The complete schema and all endpoints are publicly documented as an OpenAPI specification under /apidocs. Your IT can examine the interface before a contract is signed - including example requests, error responses and authentication details.

Timeframe with this approach in practice:

  • day 1 to 2: mapping workshop. Which ERP field becomes which DPP field?
  • day 3 to 5: first JSON exports from the ERP, through our validator.
  • day 6 to 8: error fixing (missing fields, inconsistent codings).
  • day 9 to 10: first DPPs are live.

Two weeks, not three months. The crux is the mapping workshop - that is where data quality is decided.

What goes wrong: the most common pitfalls

Product master data in several systems: SAP has the article number, the PIM has the images and marketing texts, the PLM has the bill of materials. Nobody has a consistent picture. Solution: define before the project which system is the “source of truth” for which field.

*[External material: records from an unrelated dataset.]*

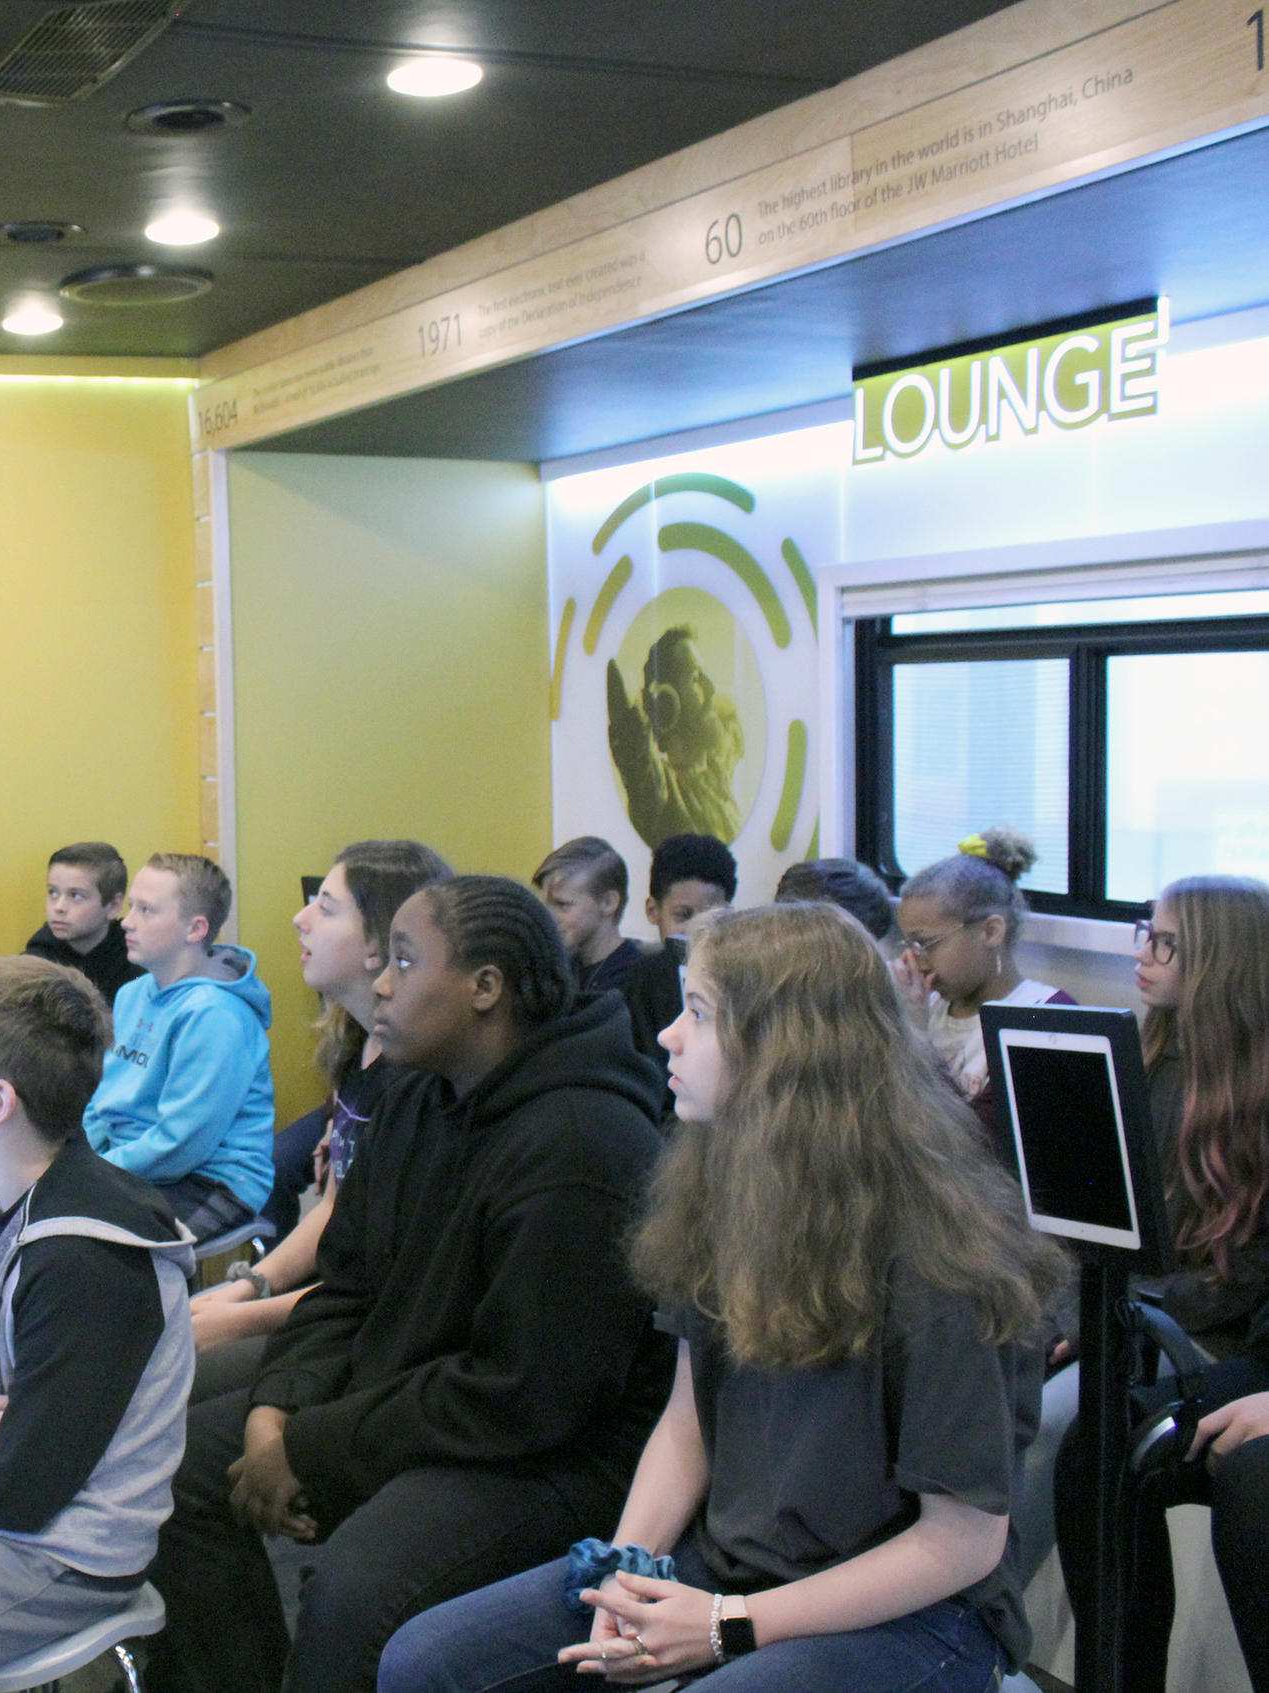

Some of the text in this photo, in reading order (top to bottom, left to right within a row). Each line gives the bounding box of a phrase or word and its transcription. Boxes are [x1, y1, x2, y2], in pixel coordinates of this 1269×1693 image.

[758, 67, 1134, 218] The highest library in the world is in Shanghai, China
[759, 132, 1040, 245] on the 60th floor of the JW Marriott Hotel
[705, 212, 744, 265] 60
[418, 312, 462, 359] 1971
[198, 399, 239, 437] 16,604
[854, 319, 1158, 463] LOUNGE
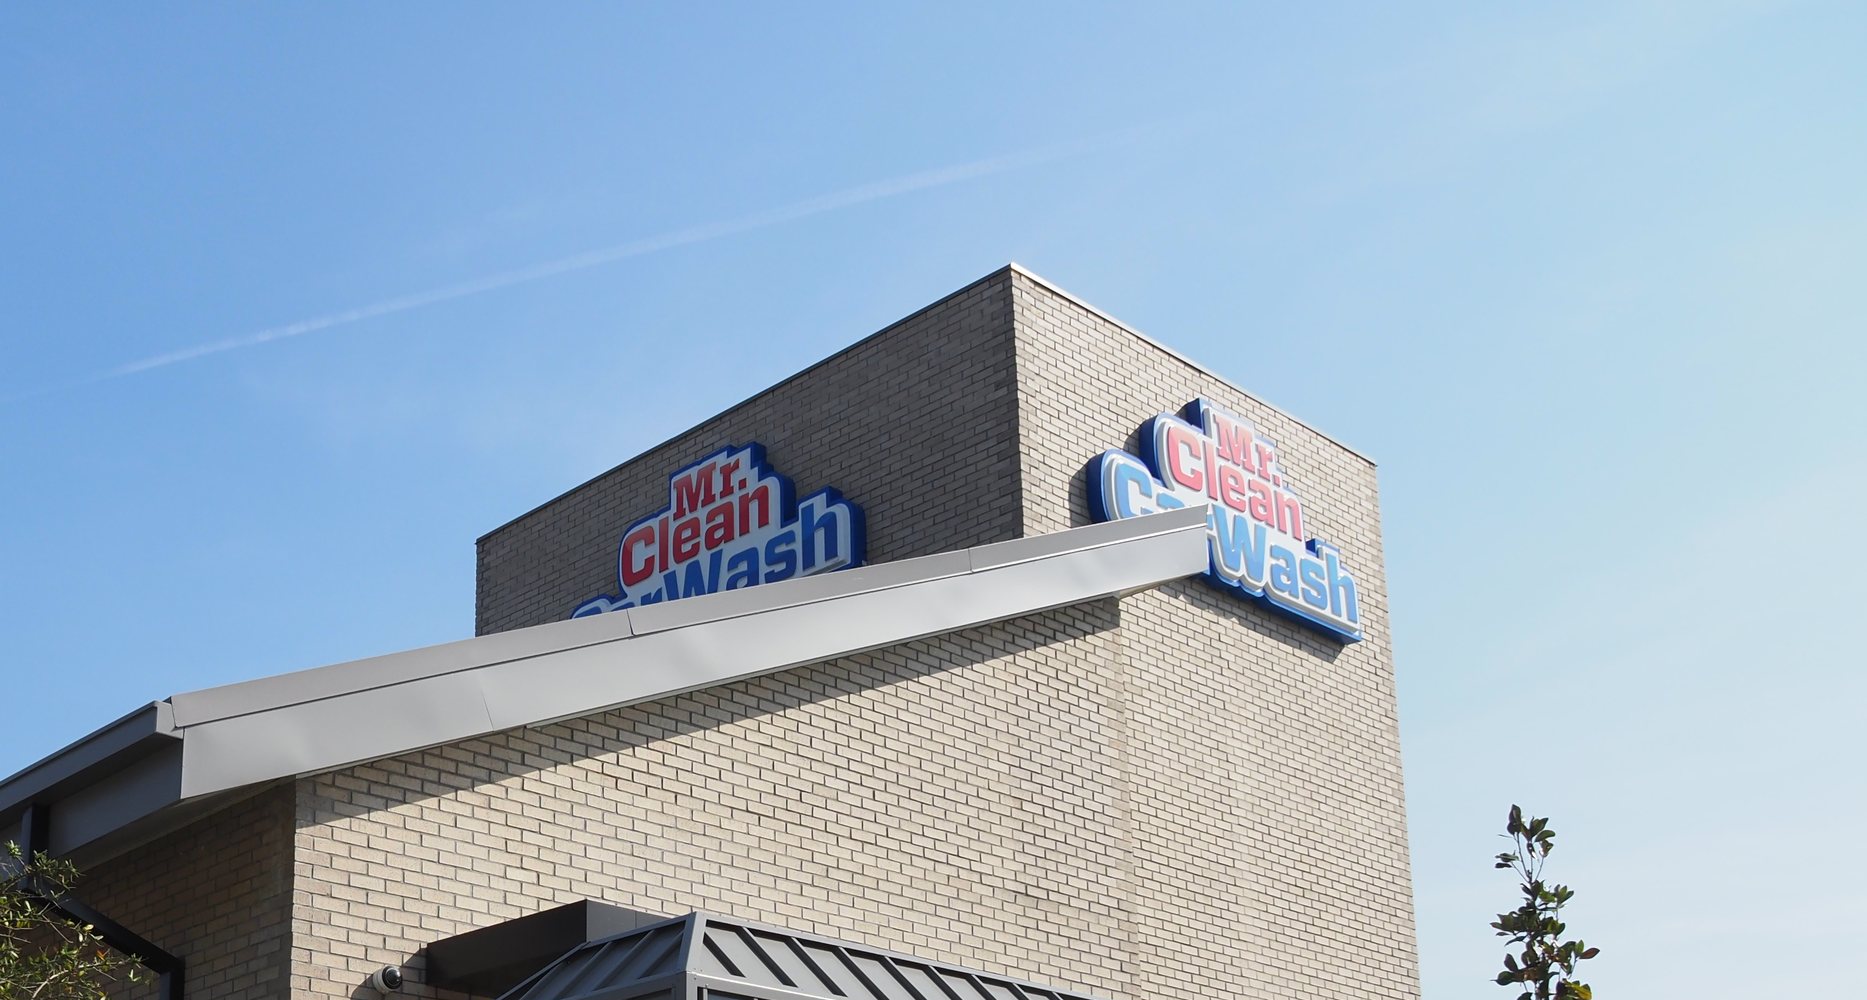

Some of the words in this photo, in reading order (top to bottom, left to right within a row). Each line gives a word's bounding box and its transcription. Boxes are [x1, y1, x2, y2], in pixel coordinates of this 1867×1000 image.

[673, 458, 747, 521] Mr.
[1167, 425, 1303, 542] Clean
[1215, 414, 1280, 487] Mr.
[621, 484, 769, 587] Clean
[1115, 462, 1358, 625] CWash
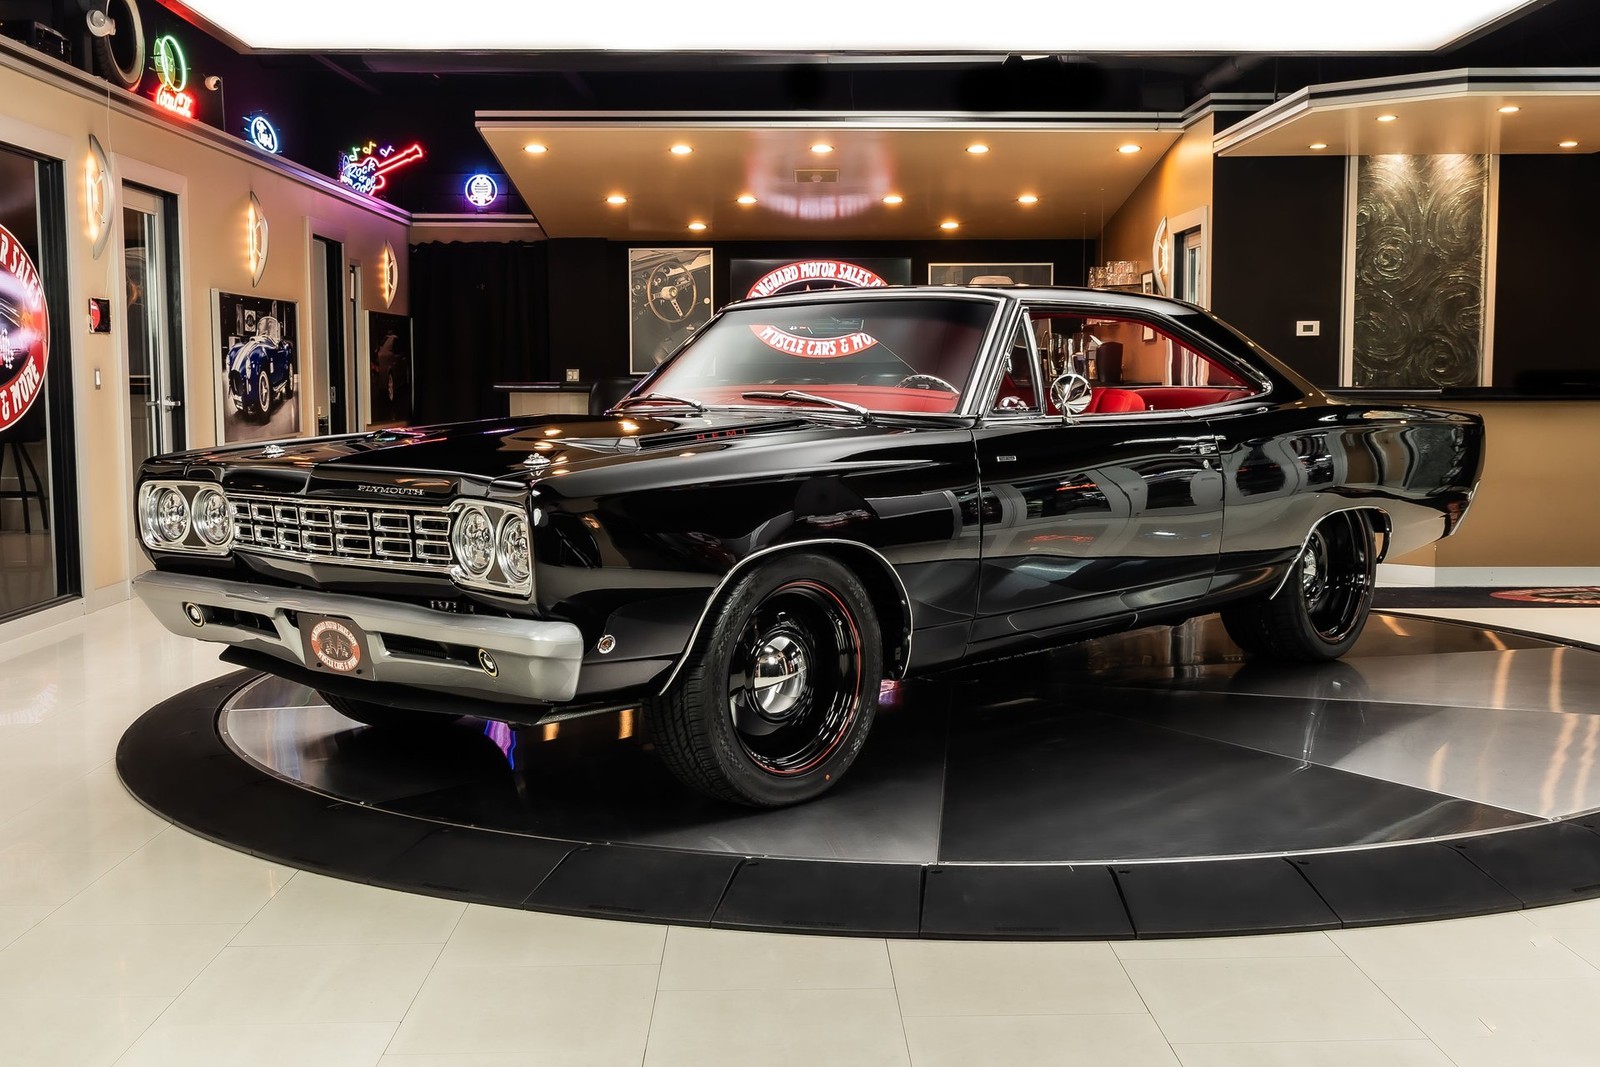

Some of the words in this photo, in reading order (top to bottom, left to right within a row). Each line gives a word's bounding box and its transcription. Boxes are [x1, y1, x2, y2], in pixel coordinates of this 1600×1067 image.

Certificates as PDF: suppliers deliver GOTS, OEKO-TEX or REACH certificates as a PDF scan. That is not a structured data source. Solution: certification operators increasingly offer API queries (OEKO-TEX is ahead, GOTS lags behind). Or: capture manually, but with a validity date so that no expired certificates appear in the DPP.

Formulation confidentiality: especially in cosmetics, food and pharma: the complete formulation is a trade secret. The DPP is supposed to make it public? Solution: the ESPR three-level model. Publicly the product category is shown, authorities see the full formulation. Almost never a blocker, but it has to be clarified early.

CO2 data on a supplier basis: your supplier gives an average value for its entire portfolio, not per batch. Solution: accept it temporarily, adjust supplier contracts in the long term. The ESPR requires product-specific values from a certain deadline, but current practice is a compromise.

Local language versions: your ERP contains the product designation only in German and English. For 27 EU countries you need more. Solution: machine translation with a terminology database; we have a separate article on this.

The questions you should ask before the project

Before you send an RFP to three providers, answer internally:

  1. How many products/article numbers should have DPPs? (10, 10,000, 1 million?)
  2. Which systems hold DPP-relevant data today?
  3. Which department administers each of the systems?
  4. Do you have a middleware investment that should be used?
  5. Is there an already working API layer on top of your ERP?

The answers determine which of the three patterns fits you. And they decide whether a project takes two weeks or six months.